As a part of my interview series with leaders in healthcare, I had the pleasure to interview Bill Ho.

He is the CEO of Biscom, a software company that helps organizations share information securely through secure fax, email, collaboration, and file sharing. Bill offers more than 30 years of health IT and cybersecurity experience, and under his leadership, Biscom has seen record growth, launched award-winning products, and expanded its leadership delivering solutions for regulated industries, most notably healthcare.

Prior to Biscom, Bill held roles at Oracle and before founding a company that pioneered cloud storage and secure collaboration. Bill received his BS Computer Science from Stanford, MS Computer Science from Harvard, and his MBA from MIT Sloan. Bill also serves on the President’s Council for Beth Israel Lahey Health in Boston, and is a firefighter and EMT serving his local community.

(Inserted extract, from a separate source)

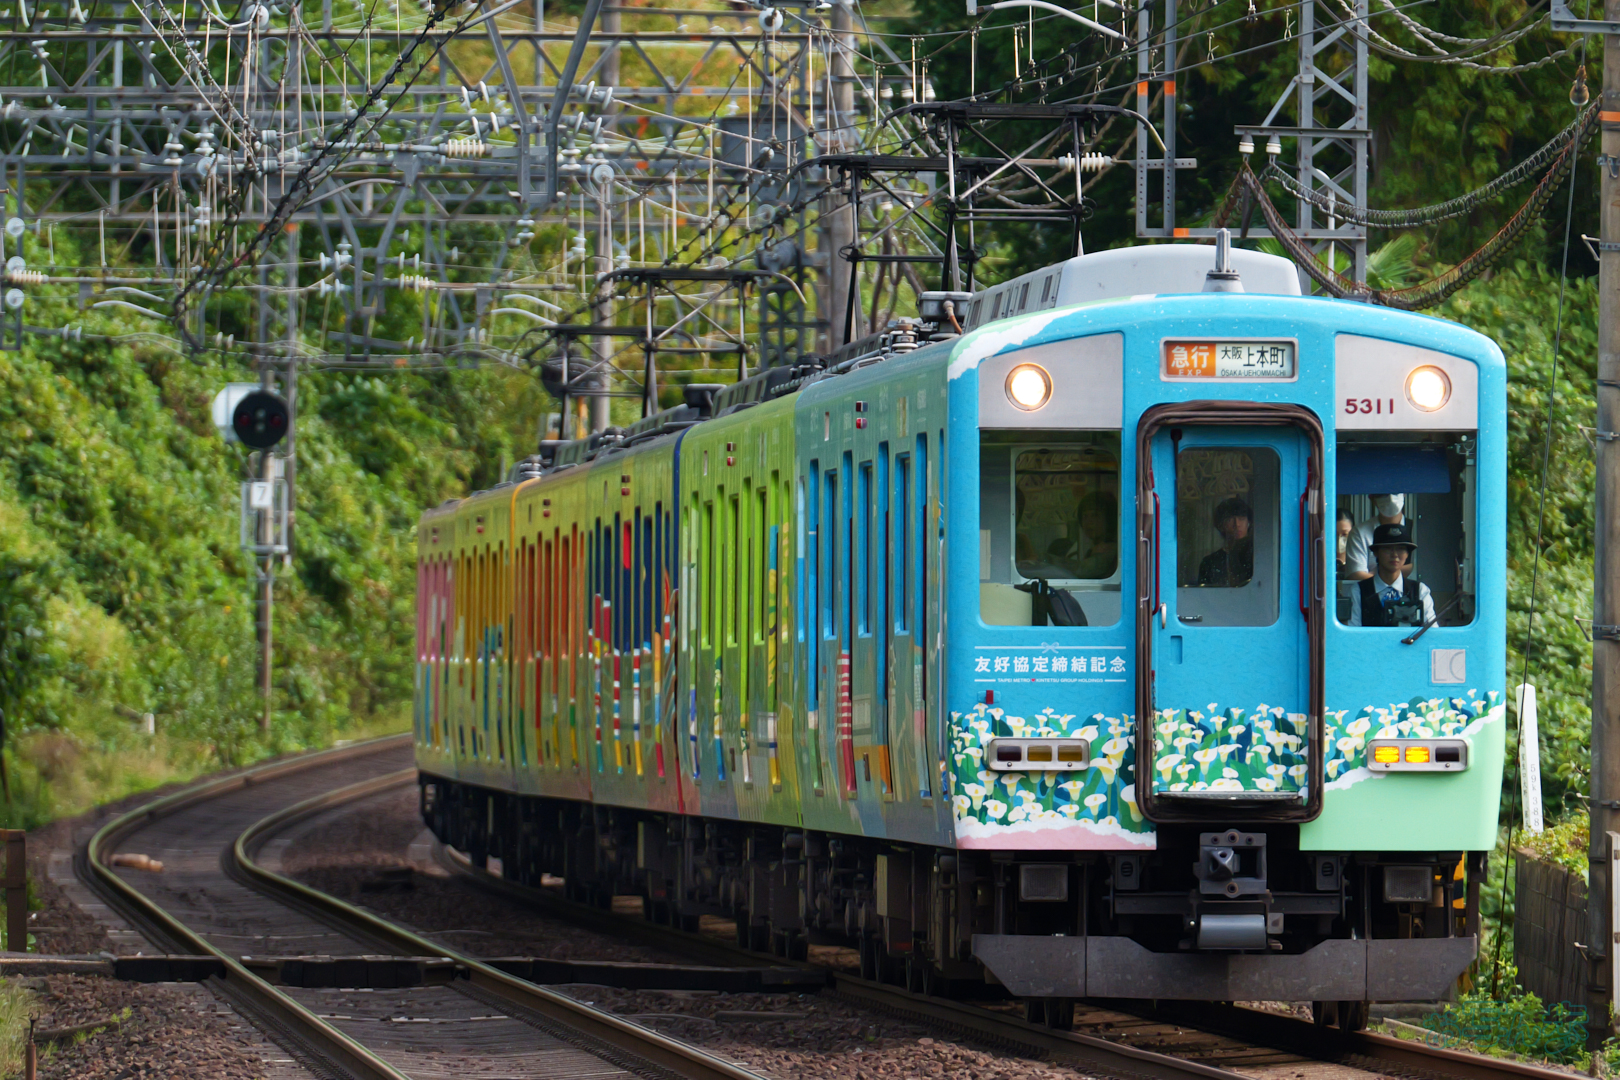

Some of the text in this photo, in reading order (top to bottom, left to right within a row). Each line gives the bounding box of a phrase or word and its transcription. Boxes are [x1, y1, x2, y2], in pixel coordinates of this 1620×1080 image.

Thank you so much for doing this with us! Can you tell us a story about what brought you to this specific career path?

I was the kid that took everything apart to see how things worked. Occasionally I was able to put them back together. With an engineering mindset, I fell in love with programming, because that kind of structured thinking came naturally to me. Combining that with a drive for problem-solving, I’ve always looked at building things to solve problems small and large — to make things better, improve upon a process, or save time. While I’m no longer a software engineer, I apply a lot of that logic, data-driven decision making, and rigor to corporate strategy, and sales and marketing functions, which is where I spend most of my time now.

Can you share the most interesting story that happened to you since you began leading your company?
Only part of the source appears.